I am a disabled veteran coping with PTSD and bipolar disorder.  I love my country, and wanted to serve and defend her citizens.  My role in the Iraq War was very damaging, and life since has been tough.  I’ve been hospitalized a couple times, and have become overwhelmed whenever I try to return to work, including trying to teach.  My recent achievements are successfully managing a trip to the grocery store, talking to my doctors without help, and even checking my e-mail.

pam-conder
Photo from Great Smoky Mountain National Park, near Gatlinburg, TN

I wish that I could join one of the marches.  My mother-in-law is traveling 3,000 miles to attend the DC Women’s March, and I know others attending satellite protests.  I want to show my solidarity with the principles behind these marches, but I know I can’t handle the crowds.  I protested against the passage of California’s Prop 8 in 2008, and my anxiety was too oppressive for me to appreciate the community around me.
 
I find the topic of this new “president” anxiety-provoking without the crowds.  The way he speaks is triggering.

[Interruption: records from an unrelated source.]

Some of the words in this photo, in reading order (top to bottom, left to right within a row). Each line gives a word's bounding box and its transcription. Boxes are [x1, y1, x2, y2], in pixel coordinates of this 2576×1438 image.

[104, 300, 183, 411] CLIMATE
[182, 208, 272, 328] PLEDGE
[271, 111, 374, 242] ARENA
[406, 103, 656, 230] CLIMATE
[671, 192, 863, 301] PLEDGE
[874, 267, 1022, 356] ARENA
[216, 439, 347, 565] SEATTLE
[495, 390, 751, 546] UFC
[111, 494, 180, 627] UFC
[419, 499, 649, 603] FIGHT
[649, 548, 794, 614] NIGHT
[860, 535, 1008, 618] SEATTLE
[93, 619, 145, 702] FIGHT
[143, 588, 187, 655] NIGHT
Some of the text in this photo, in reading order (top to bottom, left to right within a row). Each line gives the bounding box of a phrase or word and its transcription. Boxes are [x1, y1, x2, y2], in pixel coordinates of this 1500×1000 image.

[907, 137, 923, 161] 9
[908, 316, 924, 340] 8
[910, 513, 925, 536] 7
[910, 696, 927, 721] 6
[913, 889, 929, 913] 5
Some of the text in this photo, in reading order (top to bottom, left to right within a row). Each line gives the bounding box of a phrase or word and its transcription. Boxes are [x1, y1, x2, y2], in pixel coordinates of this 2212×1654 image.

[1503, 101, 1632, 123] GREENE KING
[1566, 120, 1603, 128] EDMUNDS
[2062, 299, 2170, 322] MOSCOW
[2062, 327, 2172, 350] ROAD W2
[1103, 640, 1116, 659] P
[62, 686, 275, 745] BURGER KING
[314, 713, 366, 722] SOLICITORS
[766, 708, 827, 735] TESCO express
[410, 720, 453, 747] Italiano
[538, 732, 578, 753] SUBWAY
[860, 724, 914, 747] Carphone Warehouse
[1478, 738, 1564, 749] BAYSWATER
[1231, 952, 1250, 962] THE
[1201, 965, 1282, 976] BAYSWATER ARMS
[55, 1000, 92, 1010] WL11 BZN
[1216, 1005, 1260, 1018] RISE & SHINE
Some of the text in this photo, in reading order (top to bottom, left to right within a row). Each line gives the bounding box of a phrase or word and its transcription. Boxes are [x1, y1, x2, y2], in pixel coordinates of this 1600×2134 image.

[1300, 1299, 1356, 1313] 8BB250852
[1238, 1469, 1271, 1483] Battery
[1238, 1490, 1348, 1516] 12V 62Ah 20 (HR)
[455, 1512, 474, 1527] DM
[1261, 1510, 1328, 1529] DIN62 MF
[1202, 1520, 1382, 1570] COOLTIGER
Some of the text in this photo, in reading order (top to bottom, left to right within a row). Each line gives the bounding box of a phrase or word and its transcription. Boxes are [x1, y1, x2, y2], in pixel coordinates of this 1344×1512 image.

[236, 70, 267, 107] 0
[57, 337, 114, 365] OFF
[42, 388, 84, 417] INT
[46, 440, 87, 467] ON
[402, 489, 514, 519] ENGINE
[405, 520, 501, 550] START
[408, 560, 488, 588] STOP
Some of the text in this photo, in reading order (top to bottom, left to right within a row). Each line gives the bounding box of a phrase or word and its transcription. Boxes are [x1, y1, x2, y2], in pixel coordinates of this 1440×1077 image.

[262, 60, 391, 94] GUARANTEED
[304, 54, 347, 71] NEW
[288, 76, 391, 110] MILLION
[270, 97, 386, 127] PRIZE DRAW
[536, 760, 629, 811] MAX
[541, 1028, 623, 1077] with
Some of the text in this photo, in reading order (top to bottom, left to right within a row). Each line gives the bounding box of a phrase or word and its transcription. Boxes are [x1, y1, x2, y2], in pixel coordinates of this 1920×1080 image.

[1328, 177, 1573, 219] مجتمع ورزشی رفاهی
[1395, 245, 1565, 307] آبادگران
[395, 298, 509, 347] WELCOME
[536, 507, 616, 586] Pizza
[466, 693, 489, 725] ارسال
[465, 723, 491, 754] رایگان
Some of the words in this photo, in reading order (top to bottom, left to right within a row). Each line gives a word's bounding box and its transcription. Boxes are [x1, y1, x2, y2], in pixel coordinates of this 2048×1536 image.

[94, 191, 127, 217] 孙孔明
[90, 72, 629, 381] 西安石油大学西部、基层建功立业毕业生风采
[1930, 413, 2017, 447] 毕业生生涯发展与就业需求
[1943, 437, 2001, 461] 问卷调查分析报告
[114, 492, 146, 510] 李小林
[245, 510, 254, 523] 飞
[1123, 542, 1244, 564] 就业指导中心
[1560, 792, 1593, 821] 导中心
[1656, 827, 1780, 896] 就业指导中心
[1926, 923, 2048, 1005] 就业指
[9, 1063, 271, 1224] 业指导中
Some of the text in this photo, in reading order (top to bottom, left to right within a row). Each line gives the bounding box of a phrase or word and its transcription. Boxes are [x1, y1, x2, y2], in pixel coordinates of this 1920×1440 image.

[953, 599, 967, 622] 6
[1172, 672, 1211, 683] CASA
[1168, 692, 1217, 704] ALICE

The way he puts down anyone who disagrees with him reminds me of my father, whose certainty about the world led him to disown me after I married my wife.  I know I’m personalizing, but I find it sick that a person similar my father garnered so much support from our country.  That blatant sexism, racism, religious intolerance, xenophobia, homophobia and transphobia can be met with laughter and applause, it’s appalling.  The way this new “president” speaks to his opponents, the press, and even his supporters knots my stomach, and I’m ashamed of this development in my country.  I cannot believe that a man with such low disregard for this country, her principles, and her citizens is assuming the highest office in the land.  I protest.
 
4.  I voice my support for Planned Parenthood.  I don’t need birth control (marrying my wife covers that surprise), but I did try different birth control and hormone treatments to subdue my monthly hemorrhaging before having a hysterectomy at 32.  It disgusts me that extremists want to deny routine healthcare for women, just to attack the spectre of abortion and contraception.  Throwing the baby out with the bathwater.
I believe such extremists are “pro-birth” and not “pro-life,” otherwise they would also support social programs for those new lives, and be pacifists like me.  All life is sacred, always.